WORK REQUIRED » Would you please give all the lines below again, exactly as they stand?

(Phrase grounding data)

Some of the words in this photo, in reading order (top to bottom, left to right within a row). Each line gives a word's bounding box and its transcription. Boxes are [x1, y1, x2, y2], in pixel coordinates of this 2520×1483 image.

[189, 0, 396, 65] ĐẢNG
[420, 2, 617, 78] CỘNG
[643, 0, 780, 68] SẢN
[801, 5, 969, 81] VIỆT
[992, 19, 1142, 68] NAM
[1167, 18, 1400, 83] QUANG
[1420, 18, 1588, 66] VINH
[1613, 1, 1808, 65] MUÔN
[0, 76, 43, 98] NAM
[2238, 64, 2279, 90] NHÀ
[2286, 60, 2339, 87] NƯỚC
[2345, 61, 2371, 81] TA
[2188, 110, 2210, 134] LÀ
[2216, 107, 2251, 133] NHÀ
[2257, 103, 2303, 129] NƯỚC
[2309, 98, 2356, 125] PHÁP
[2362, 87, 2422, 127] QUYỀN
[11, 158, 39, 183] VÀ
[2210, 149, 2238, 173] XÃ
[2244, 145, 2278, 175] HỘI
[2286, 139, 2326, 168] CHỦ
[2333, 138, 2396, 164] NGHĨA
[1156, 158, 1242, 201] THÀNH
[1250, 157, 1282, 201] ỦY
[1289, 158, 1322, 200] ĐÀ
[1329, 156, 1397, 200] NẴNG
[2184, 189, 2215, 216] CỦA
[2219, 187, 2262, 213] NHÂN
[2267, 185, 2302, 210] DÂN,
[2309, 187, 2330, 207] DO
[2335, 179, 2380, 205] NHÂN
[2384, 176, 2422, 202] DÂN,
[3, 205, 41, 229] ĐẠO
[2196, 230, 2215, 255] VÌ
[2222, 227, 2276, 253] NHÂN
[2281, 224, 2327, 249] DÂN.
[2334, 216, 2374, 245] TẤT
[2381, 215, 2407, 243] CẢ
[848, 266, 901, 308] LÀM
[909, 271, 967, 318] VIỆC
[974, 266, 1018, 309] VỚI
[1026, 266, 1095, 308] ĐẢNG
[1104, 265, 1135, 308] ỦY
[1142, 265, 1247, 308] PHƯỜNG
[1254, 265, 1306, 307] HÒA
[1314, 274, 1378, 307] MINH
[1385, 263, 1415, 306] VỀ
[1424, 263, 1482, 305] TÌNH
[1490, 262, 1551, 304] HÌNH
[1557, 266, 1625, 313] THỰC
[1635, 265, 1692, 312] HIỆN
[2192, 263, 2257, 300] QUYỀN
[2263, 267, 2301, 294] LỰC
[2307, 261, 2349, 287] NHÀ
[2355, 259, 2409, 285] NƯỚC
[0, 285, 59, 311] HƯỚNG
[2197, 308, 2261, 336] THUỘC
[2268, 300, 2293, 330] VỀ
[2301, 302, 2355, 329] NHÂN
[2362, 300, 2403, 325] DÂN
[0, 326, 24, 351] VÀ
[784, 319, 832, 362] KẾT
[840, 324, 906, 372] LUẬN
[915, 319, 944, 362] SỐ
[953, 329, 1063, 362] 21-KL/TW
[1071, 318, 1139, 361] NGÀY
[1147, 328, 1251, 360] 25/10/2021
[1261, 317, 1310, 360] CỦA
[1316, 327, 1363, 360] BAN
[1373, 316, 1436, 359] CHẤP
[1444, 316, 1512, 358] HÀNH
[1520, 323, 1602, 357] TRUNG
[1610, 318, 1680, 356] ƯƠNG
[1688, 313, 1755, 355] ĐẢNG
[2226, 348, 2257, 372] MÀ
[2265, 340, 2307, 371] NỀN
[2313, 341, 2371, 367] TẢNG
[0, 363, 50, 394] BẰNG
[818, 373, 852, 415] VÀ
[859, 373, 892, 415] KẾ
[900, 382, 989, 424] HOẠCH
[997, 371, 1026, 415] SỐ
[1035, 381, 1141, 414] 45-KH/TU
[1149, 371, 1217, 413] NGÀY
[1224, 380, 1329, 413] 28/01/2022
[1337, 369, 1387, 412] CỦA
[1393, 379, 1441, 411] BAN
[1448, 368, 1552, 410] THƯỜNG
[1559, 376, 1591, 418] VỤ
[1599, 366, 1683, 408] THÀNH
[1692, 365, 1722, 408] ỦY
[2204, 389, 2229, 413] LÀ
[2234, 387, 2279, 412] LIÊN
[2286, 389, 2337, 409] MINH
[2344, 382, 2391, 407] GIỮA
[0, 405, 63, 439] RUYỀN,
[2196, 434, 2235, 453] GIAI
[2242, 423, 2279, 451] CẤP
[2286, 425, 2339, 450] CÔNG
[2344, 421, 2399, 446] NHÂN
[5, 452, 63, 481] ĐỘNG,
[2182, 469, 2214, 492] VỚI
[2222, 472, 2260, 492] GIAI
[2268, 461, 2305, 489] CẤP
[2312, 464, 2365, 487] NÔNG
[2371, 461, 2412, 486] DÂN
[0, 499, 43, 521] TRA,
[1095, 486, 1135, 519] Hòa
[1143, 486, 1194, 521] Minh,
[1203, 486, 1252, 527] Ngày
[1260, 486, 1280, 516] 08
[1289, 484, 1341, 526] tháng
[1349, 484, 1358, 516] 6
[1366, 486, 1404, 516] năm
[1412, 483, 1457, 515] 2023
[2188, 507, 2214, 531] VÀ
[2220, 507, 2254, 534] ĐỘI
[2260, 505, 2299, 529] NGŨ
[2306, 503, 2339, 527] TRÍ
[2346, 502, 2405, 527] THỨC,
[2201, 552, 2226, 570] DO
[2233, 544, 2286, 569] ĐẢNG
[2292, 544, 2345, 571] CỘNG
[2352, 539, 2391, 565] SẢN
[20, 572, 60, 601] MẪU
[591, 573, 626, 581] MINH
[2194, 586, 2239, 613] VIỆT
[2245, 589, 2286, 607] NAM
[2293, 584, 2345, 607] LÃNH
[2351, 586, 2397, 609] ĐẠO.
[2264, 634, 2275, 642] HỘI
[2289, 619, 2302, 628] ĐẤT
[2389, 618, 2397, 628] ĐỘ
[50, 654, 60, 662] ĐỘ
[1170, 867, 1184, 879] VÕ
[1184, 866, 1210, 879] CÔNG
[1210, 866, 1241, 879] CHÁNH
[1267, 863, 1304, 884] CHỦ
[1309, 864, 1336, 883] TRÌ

EXERCISE RESULT »
Some of the words in this photo, in reading order (top to bottom, left to right within a row). Each line gives a word's bounding box and its transcription. Boxes are [x1, y1, x2, y2], in pixel coordinates of this 2520×1483 image.

[189, 0, 396, 65] ĐẢNG
[420, 2, 617, 78] CỘNG
[643, 0, 780, 68] SẢN
[801, 5, 969, 81] VIỆT
[992, 19, 1142, 68] NAM
[1167, 18, 1400, 83] QUANG
[1420, 18, 1588, 66] VINH
[1613, 1, 1808, 65] MUÔN
[0, 76, 43, 98] NAM
[2238, 64, 2279, 90] NHÀ
[2286, 60, 2339, 87] NƯỚC
[2345, 61, 2371, 81] TA
[2188, 110, 2210, 134] LÀ
[2216, 107, 2251, 133] NHÀ
[2257, 103, 2303, 129] NƯỚC
[2309, 98, 2356, 125] PHÁP
[2362, 87, 2422, 127] QUYỀN
[11, 158, 39, 183] VÀ
[2210, 149, 2238, 173] XÃ
[2244, 145, 2278, 175] HỘI
[2286, 139, 2326, 168] CHỦ
[2333, 138, 2396, 164] NGHĨA
[1156, 158, 1242, 201] THÀNH
[1250, 157, 1282, 201] ỦY
[1289, 158, 1322, 200] ĐÀ
[1329, 156, 1397, 200] NẴNG
[2184, 189, 2215, 216] CỦA
[2219, 187, 2262, 213] NHÂN
[2267, 185, 2302, 210] DÂN,
[2309, 187, 2330, 207] DO
[2335, 179, 2380, 205] NHÂN
[2384, 176, 2422, 202] DÂN,
[3, 205, 41, 229] ĐẠO
[2196, 230, 2215, 255] VÌ
[2222, 227, 2276, 253] NHÂN
[2281, 224, 2327, 249] DÂN.
[2334, 216, 2374, 245] TẤT
[2381, 215, 2407, 243] CẢ
[848, 266, 901, 308] LÀM
[909, 271, 967, 318] VIỆC
[974, 266, 1018, 309] VỚI
[1026, 266, 1095, 308] ĐẢNG
[1104, 265, 1135, 308] ỦY
[1142, 265, 1247, 308] PHƯỜNG
[1254, 265, 1306, 307] HÒA
[1314, 274, 1378, 307] MINH
[1385, 263, 1415, 306] VỀ
[1424, 263, 1482, 305] TÌNH
[1490, 262, 1551, 304] HÌNH
[1557, 266, 1625, 313] THỰC
[1635, 265, 1692, 312] HIỆN
[2192, 263, 2257, 300] QUYỀN
[2263, 267, 2301, 294] LỰC
[2307, 261, 2349, 287] NHÀ
[2355, 259, 2409, 285] NƯỚC
[0, 285, 59, 311] HƯỚNG
[2197, 308, 2261, 336] THUỘC
[2268, 300, 2293, 330] VỀ
[2301, 302, 2355, 329] NHÂN
[2362, 300, 2403, 325] DÂN
[0, 326, 24, 351] VÀ
[784, 319, 832, 362] KẾT
[840, 324, 906, 372] LUẬN
[915, 319, 944, 362] SỐ
[953, 329, 1063, 362] 21-KL/TW
[1071, 318, 1139, 361] NGÀY
[1147, 328, 1251, 360] 25/10/2021
[1261, 317, 1310, 360] CỦA
[1316, 327, 1363, 360] BAN
[1373, 316, 1436, 359] CHẤP
[1444, 316, 1512, 358] HÀNH
[1520, 323, 1602, 357] TRUNG
[1610, 318, 1680, 356] ƯƠNG
[1688, 313, 1755, 355] ĐẢNG
[2226, 348, 2257, 372] MÀ
[2265, 340, 2307, 371] NỀN
[2313, 341, 2371, 367] TẢNG
[0, 363, 50, 394] BẰNG
[818, 373, 852, 415] VÀ
[859, 373, 892, 415] KẾ
[900, 382, 989, 424] HOẠCH
[997, 371, 1026, 415] SỐ
[1035, 381, 1141, 414] 45-KH/TU
[1149, 371, 1217, 413] NGÀY
[1224, 380, 1329, 413] 28/01/2022
[1337, 369, 1387, 412] CỦA
[1393, 379, 1441, 411] BAN
[1448, 368, 1552, 410] THƯỜNG
[1559, 376, 1591, 418] VỤ
[1599, 366, 1683, 408] THÀNH
[1692, 365, 1722, 408] ỦY
[2204, 389, 2229, 413] LÀ
[2234, 387, 2279, 412] LIÊN
[2286, 389, 2337, 409] MINH
[2344, 382, 2391, 407] GIỮA
[0, 405, 63, 439] RUYỀN,
[2196, 434, 2235, 453] GIAI
[2242, 423, 2279, 451] CẤP
[2286, 425, 2339, 450] CÔNG
[2344, 421, 2399, 446] NHÂN
[5, 452, 63, 481] ĐỘNG,
[2182, 469, 2214, 492] VỚI
[2222, 472, 2260, 492] GIAI
[2268, 461, 2305, 489] CẤP
[2312, 464, 2365, 487] NÔNG
[2371, 461, 2412, 486] DÂN
[0, 499, 43, 521] TRA,
[1095, 486, 1135, 519] Hòa
[1143, 486, 1194, 521] Minh,
[1203, 486, 1252, 527] Ngày
[1260, 486, 1280, 516] 08
[1289, 484, 1341, 526] tháng
[1349, 484, 1358, 516] 6
[1366, 486, 1404, 516] năm
[1412, 483, 1457, 515] 2023
[2188, 507, 2214, 531] VÀ
[2220, 507, 2254, 534] ĐỘI
[2260, 505, 2299, 529] NGŨ
[2306, 503, 2339, 527] TRÍ
[2346, 502, 2405, 527] THỨC,
[2201, 552, 2226, 570] DO
[2233, 544, 2286, 569] ĐẢNG
[2292, 544, 2345, 571] CỘNG
[2352, 539, 2391, 565] SẢN
[20, 572, 60, 601] MẪU
[591, 573, 626, 581] MINH
[2194, 586, 2239, 613] VIỆT
[2245, 589, 2286, 607] NAM
[2293, 584, 2345, 607] LÃNH
[2351, 586, 2397, 609] ĐẠO.
[2264, 634, 2275, 642] HỘI
[2289, 619, 2302, 628] ĐẤT
[2389, 618, 2397, 628] ĐỘ
[50, 654, 60, 662] ĐỘ
[1170, 867, 1184, 879] VÕ
[1184, 866, 1210, 879] CÔNG
[1210, 866, 1241, 879] CHÁNH
[1267, 863, 1304, 884] CHỦ
[1309, 864, 1336, 883] TRÌ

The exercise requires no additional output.